What is the difference between image classification and object detection?

Image classification assigns a label to the entire image, indicating what the image contains overall. Object detection not only identifies objects but also locates them with bounding boxes. For example, classification might say 'this is a dog', while detection says 'there is a dog at coordinates (x1,y1,x2,y2)'. On the AI-900 exam, if a scenario requires bounding boxes, it's object detection; otherwise, it's classification.

How many images do I need to train a Custom Vision classifier?

The minimum is 5 images per tag. However, for reliable accuracy, Microsoft recommends at least 50 images per tag. The exam tests the minimum of 5. If you have fewer, the portal will warn you but training may still proceed with poor results.

Can I use Azure Computer Vision API to classify my own custom categories?

No. The Computer Vision API uses pre-trained models that recognize a fixed set of categories (over 1,000 from ImageNet). You cannot add custom categories. For custom categories, you must use Azure Custom Vision to train a custom model.

What is the default probability threshold in Custom Vision predictions?

The default is 0.5. You can change it in the prediction API call by setting the `probabilityThreshold` parameter. Lowering the threshold increases recall (more positives detected) but may decrease precision (more false positives). Raising it does the opposite.

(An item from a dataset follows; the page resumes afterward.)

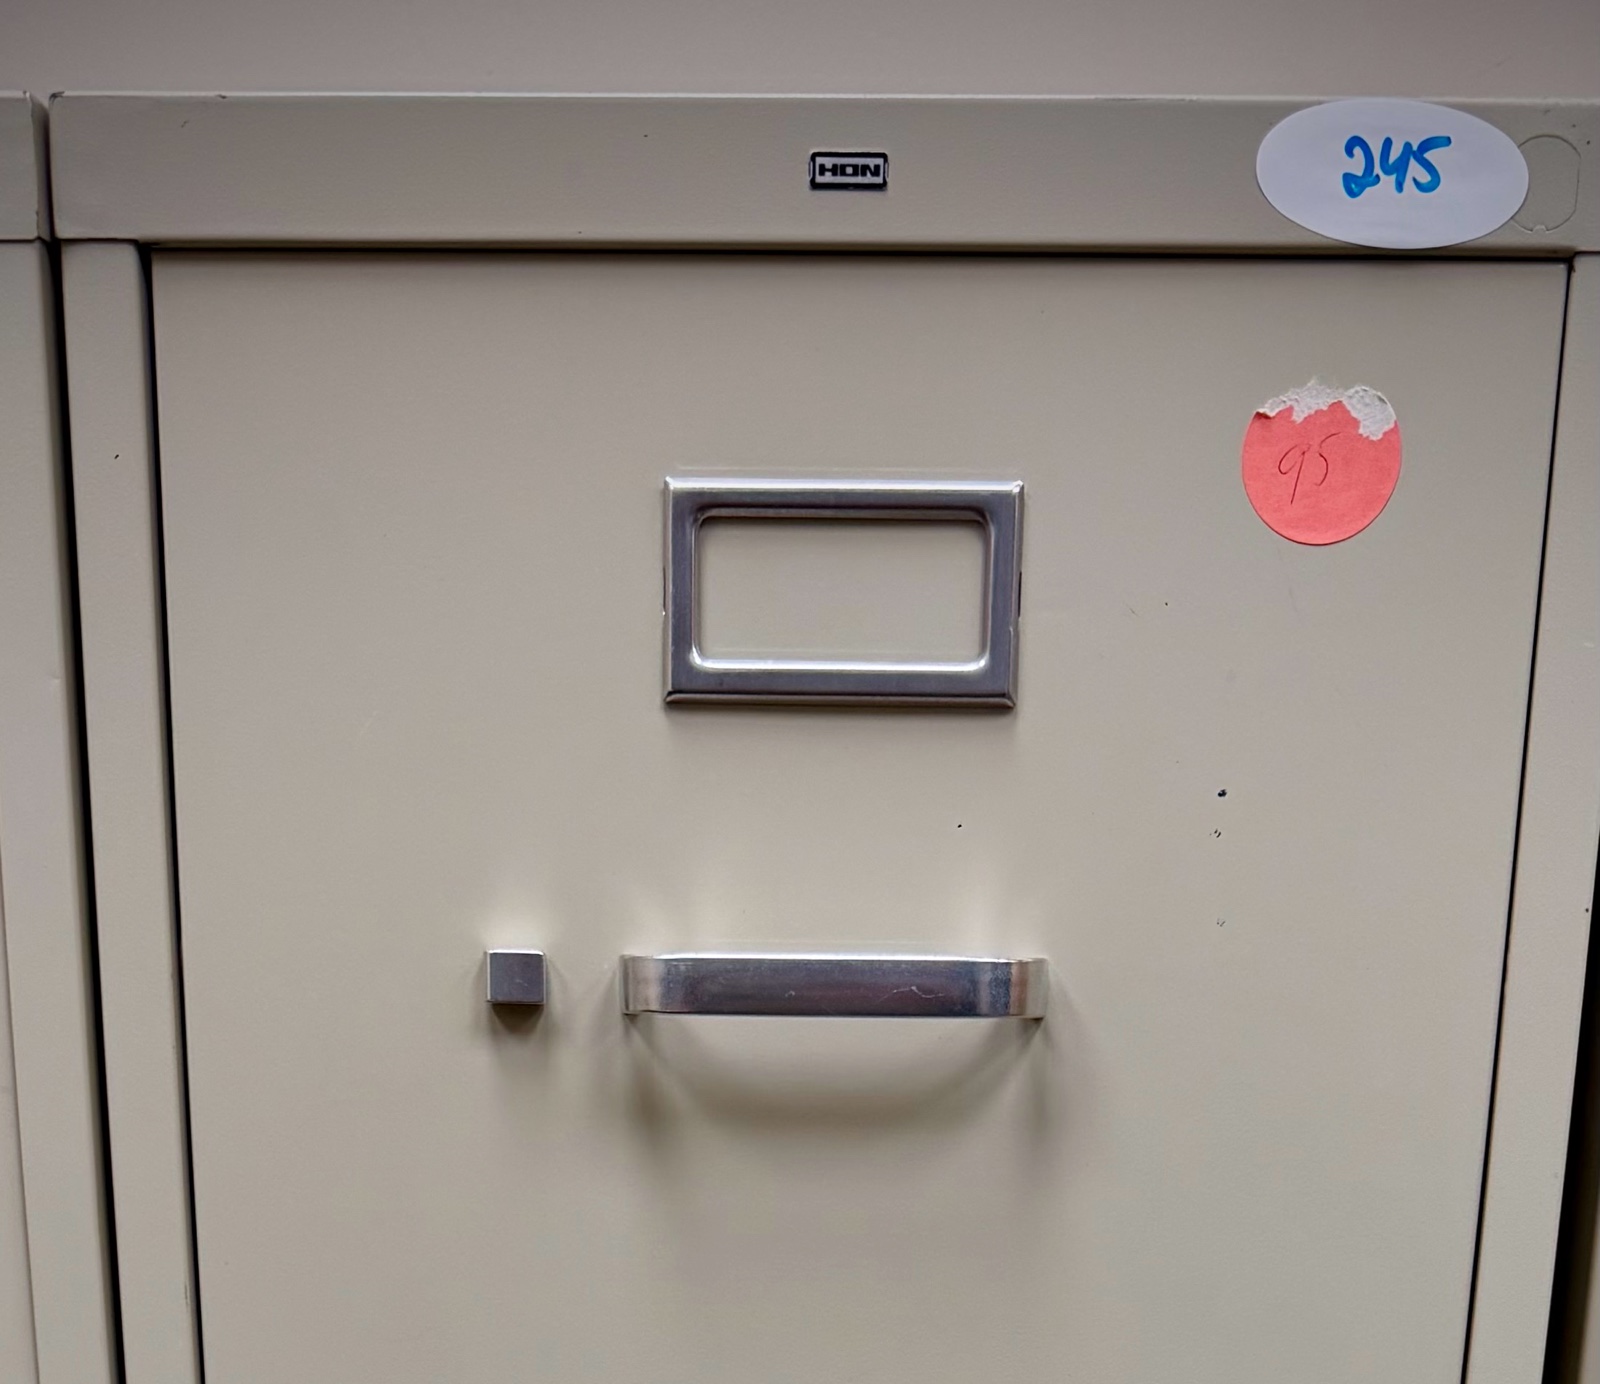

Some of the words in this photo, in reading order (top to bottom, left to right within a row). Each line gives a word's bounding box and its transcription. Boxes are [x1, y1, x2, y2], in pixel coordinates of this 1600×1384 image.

[818, 163, 881, 177] HON
[1342, 135, 1452, 199] 245
[1278, 431, 1342, 504] 95

What is transfer learning and how does it relate to Custom Vision?

Transfer learning is a technique where a model trained on a large dataset (e.g., ImageNet) is used as a starting point for a new task. Custom Vision uses transfer learning: it takes a pre-trained convolutional neural network (like ResNet) and fine-tunes its weights on your images. This allows training with fewer images and less time than training from scratch.

What are precision, recall, and mAP in the context of Custom Vision?

Precision = TP/(TP+FP): of all images predicted as a certain class, how many are correct. Recall = TP/(TP+FN): of all actual images of that class, how many were correctly predicted. mAP (mean average precision) is the average of precision values at different recall levels, averaged across all classes. Higher values indicate better model performance.

What domains are available in Custom Vision?

The domains are: General, Food, Landmarks, Retail, and Adult. Choosing the appropriate domain optimizes the underlying model for your type of images, potentially improving accuracy. For example, use 'Food' for food images, 'Landmarks' for landmarks. 'General' works for most other cases.